I came to know Father Murphy when I was helping to establish small Catholic communities of recently arrived Cambodian and Laotian refugees.
Refugees were often seen as a problem either to be deplored or to be solved from above. John, who was Director of the Melbourne Catholic Immigration Office saw them as people, and trusted them to shape their own community life.
He always accepted their hospitality when invited, listened and encouraged them. His style can be seen in the photograph above. He stands comfortably at the right of the group, is part of it but not central to it and is clearly a representative of the wider church. He enjoys the occasion and encourages the families and the Vinnies who support them to be at home both in their Cambodian community and in the wider Australian church.
Anyone who approached John for help knew instinctively that he would not see their request as a problem but as a simple expression of human need.
I realised this when attending a celebration of the 25th anniversary of his ordination. I had cycled across to the church unprepared for the steady rain which fell during my ride. Arriving cold and dripping, I instinctively went to the presbytery to ask if I could borrow an old pair of John's trousers for the celebration. With John, that was what anyone would naturally do. So I was momentarily taken aback to find that the housekeeper saw me and my bedraggled state as a problem rather than as a person in need. But John soon arrived and I was fixed up.
A few years later I took over from him in visiting the Immigration Detention Centre. There I heard many stories of how he had visited former detainees and immigrants when they were sick, and had occasionally spent all night with dying patients.

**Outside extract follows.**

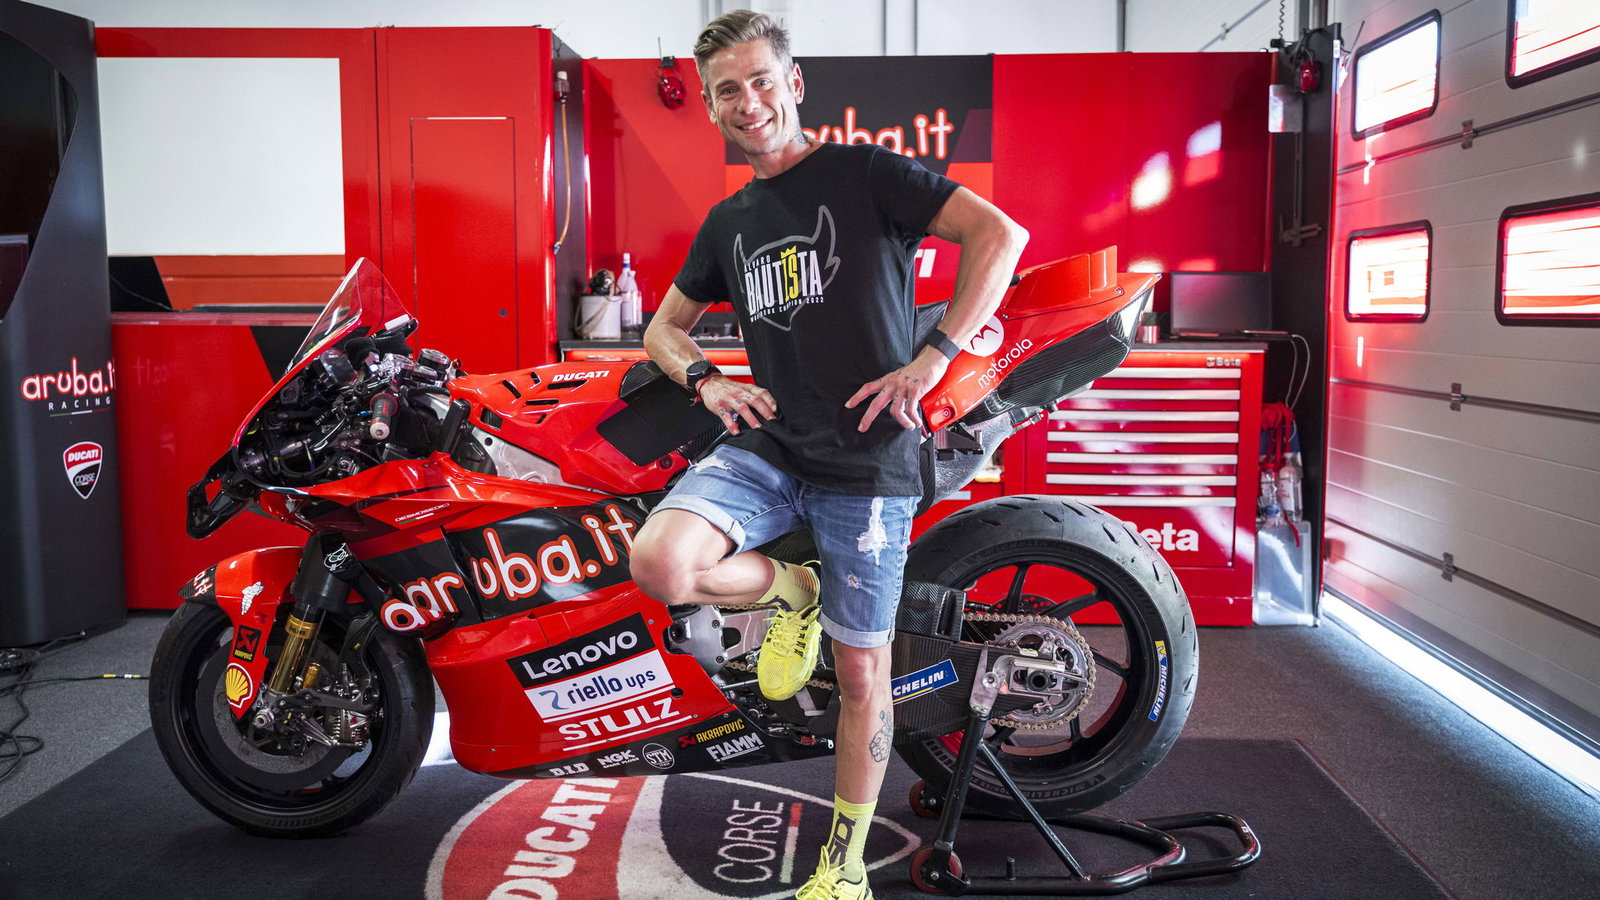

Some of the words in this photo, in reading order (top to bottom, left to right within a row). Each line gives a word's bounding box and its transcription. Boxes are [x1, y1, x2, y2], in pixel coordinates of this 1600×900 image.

When John later moved to Canberra as Director of the Australian Catholic Immigration Office, he continued to focus on people and not on problems. He supported people who applied for visas for family members. In a period when asylum seekers were treated with increased brutality, he worked for an effective church commitment to them.

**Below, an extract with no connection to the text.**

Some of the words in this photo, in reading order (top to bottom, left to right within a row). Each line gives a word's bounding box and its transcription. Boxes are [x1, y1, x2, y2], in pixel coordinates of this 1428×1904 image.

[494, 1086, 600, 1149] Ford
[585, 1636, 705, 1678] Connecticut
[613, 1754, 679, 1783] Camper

The lives of people like John Murphy give some credibility to the claim of churches to expertise in humanity. His was the pastoral face of the church.
The administrative face of the Catholic Church was on display in the Vatican arrangements for the Brisbane church following Archbishop Bathersby's resignation. Their salient point was that they were unusual.
The ordinary canonical procedure when an Archbishop dies or retires is that the senior auxiliary bishop is responsible for the governance of the diocese. He must convoke a meeting of the Archdiocesan consultors who then elect an administrator until a new bishop is named. These procedures show a trust in the local church to manage its affairs as it prepares for a new Archbishop.
The Vatican appointment of a Bishop outside the diocese as apostolic administrator replaced the ordinary canonical process. To say this is simply to state a fact. It does not question the wisdom or legality of doing so, still less the appropriateness of the person appointed. But bypassing ordinary procedures has costs.
After a much-loved Archbishop steps down, many people, including priests, grieve his loss and are anxious about the future. It is a time when people are vulnerable. In such circumstances any breach of normal process, particularly through the appointment of someone from outside the local church, heightens anxiety and arouses suspicion that the local church is not trusted. People imagine that they are seen as problems, not as people.
That in turn makes it hard for the people to see the new administrator as a person, and not as a problem. The affective unity of the community and the effectiveness of the administrator are thus put under threat.
Under such circumstances the administrative face is seen to wear a scowl. That perception can always be overcome by magnanimity. But the test of administration is whether it encourages the pastoral face of the Church embodied so well in Father John Murphy.
Andrew Hamilton is consulting editor of Eureka Street.